Since then, I think we’ve all been shocked at how quickly our political culture has devolved. The virus has left the body politic devouring itself in a toxic loop of blame, outrage, division, paranoid fantasies (QAnon), self-righteousness, and grandstanding — all of it fanned by the accelerant of social media platforms. The outcome — which I think is the objective of this particular political virus — is a wholesale collapse of trust and respect for institutions, cultural norms and each other.
We are all exhausted by this, of course. We’ve all had those moments where we mutter, “You can’t make this stuff up.” But I began saying it so often that I made it into a hashtag, #ycmtsu. A computer repair man who is legally blind cracks open Hunter Biden’s laptop and releases pictures of Hunter stoned in a bathtub along with memos about back door deals with Asian energy companies? #ycmtsu
But all viruses eventually run their course when they’ve exhausted their host. I think we are getting tiny glimpses of that now. The big social media platforms are slowly coming to realize their role as gatekeepers; shameless and egregious provocateurs like Alex Jones have been sidelined; and our personal bullshit detectors are becoming a lot more effective. Maybe we are slowly, haltingly finding a way to self-vaccinate against this virus. One hopes.
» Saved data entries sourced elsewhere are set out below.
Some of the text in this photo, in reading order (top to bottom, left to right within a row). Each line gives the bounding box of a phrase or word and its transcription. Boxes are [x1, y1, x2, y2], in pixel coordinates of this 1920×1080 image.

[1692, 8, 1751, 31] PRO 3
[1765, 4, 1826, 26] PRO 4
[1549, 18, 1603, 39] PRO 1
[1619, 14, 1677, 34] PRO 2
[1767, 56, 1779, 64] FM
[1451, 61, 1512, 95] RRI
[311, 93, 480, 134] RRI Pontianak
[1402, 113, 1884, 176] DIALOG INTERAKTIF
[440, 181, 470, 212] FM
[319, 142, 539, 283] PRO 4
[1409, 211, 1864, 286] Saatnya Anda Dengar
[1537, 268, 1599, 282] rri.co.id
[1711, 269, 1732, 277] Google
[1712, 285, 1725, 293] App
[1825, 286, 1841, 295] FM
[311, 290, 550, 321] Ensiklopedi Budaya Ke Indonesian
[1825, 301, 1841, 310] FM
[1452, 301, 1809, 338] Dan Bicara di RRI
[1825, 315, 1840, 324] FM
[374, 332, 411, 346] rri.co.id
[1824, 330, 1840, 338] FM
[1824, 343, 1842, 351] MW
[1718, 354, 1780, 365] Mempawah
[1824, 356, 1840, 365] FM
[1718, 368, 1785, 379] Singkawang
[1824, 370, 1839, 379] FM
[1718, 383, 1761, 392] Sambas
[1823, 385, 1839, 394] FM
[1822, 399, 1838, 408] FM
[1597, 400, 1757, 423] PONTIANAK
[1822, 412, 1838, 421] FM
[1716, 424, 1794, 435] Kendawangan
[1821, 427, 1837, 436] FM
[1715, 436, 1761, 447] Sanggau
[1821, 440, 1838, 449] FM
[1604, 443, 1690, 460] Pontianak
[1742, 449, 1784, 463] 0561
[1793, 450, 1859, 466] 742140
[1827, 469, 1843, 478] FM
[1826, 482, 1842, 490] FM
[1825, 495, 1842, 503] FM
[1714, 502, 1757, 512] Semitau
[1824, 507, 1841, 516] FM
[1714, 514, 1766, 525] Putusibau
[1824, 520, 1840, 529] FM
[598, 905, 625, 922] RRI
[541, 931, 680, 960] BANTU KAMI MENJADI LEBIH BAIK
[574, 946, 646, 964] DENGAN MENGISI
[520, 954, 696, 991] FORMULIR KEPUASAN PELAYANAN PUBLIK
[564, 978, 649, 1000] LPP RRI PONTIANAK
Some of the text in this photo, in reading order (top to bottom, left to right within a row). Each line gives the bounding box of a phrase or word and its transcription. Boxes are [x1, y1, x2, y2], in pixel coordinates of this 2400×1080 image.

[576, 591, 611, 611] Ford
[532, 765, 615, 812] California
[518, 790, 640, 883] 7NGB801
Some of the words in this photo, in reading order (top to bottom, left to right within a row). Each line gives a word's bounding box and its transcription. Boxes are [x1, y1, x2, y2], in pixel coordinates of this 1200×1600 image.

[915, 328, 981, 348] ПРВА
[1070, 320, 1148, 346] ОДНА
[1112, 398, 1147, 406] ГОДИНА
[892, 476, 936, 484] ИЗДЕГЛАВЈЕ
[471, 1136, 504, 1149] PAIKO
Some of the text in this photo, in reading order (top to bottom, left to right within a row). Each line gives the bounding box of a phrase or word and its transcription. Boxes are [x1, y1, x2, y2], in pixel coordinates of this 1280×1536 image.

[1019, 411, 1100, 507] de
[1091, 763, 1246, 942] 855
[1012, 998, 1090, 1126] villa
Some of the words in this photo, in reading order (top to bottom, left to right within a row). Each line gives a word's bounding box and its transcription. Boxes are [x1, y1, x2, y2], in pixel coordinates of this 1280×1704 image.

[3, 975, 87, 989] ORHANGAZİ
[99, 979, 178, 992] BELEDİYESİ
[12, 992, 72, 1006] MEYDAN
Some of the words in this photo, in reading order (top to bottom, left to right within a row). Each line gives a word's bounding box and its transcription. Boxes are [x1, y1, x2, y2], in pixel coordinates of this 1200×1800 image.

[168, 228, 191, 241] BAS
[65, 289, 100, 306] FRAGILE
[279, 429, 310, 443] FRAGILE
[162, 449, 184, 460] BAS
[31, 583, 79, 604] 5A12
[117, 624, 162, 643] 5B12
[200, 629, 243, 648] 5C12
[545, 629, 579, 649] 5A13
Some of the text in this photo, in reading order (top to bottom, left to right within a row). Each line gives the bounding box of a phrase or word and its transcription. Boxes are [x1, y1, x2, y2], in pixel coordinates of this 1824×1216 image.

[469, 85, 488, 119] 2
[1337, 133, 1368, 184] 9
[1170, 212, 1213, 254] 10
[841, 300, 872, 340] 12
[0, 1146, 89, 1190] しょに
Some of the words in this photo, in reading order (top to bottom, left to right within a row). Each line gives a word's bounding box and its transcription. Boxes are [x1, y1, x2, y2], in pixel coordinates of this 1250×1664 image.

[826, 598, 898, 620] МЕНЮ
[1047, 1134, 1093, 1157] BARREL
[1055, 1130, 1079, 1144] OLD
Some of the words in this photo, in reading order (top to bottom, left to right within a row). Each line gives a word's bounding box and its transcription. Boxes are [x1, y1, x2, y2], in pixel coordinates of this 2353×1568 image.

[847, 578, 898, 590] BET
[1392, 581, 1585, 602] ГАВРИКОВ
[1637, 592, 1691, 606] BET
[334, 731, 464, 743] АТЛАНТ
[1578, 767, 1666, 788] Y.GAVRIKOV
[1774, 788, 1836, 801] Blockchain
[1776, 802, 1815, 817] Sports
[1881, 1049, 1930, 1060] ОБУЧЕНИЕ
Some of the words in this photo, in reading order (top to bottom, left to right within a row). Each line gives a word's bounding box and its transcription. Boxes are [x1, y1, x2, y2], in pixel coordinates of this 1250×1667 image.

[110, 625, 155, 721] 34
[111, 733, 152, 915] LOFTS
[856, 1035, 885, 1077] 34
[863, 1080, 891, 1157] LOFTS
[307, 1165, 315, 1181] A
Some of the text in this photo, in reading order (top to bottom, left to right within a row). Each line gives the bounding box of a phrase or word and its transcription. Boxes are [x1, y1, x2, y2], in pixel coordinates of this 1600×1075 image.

But one thing is certain. If we do finally develop herd immunity against the Trump virus, we cannot go back to the way it was. Looking back on the spread of the coronavirus, for instance, it’s clear that China has to do something about its wet markets. For us, it’s clear that we have to change our behaviors, burst our respective bubbles, and rush back in to the radical center — that place where we meet with respect and goodwill and the courage to compromise for the common good.
Americans are smart. They get this. All of us understand, at some level, that we’re part of a great political, social and economic (and relatively young) experiment called America. And each of us is responsible for its outcome. So let’s look each other in the eye, shake hands (or bump elbows) and get on with it.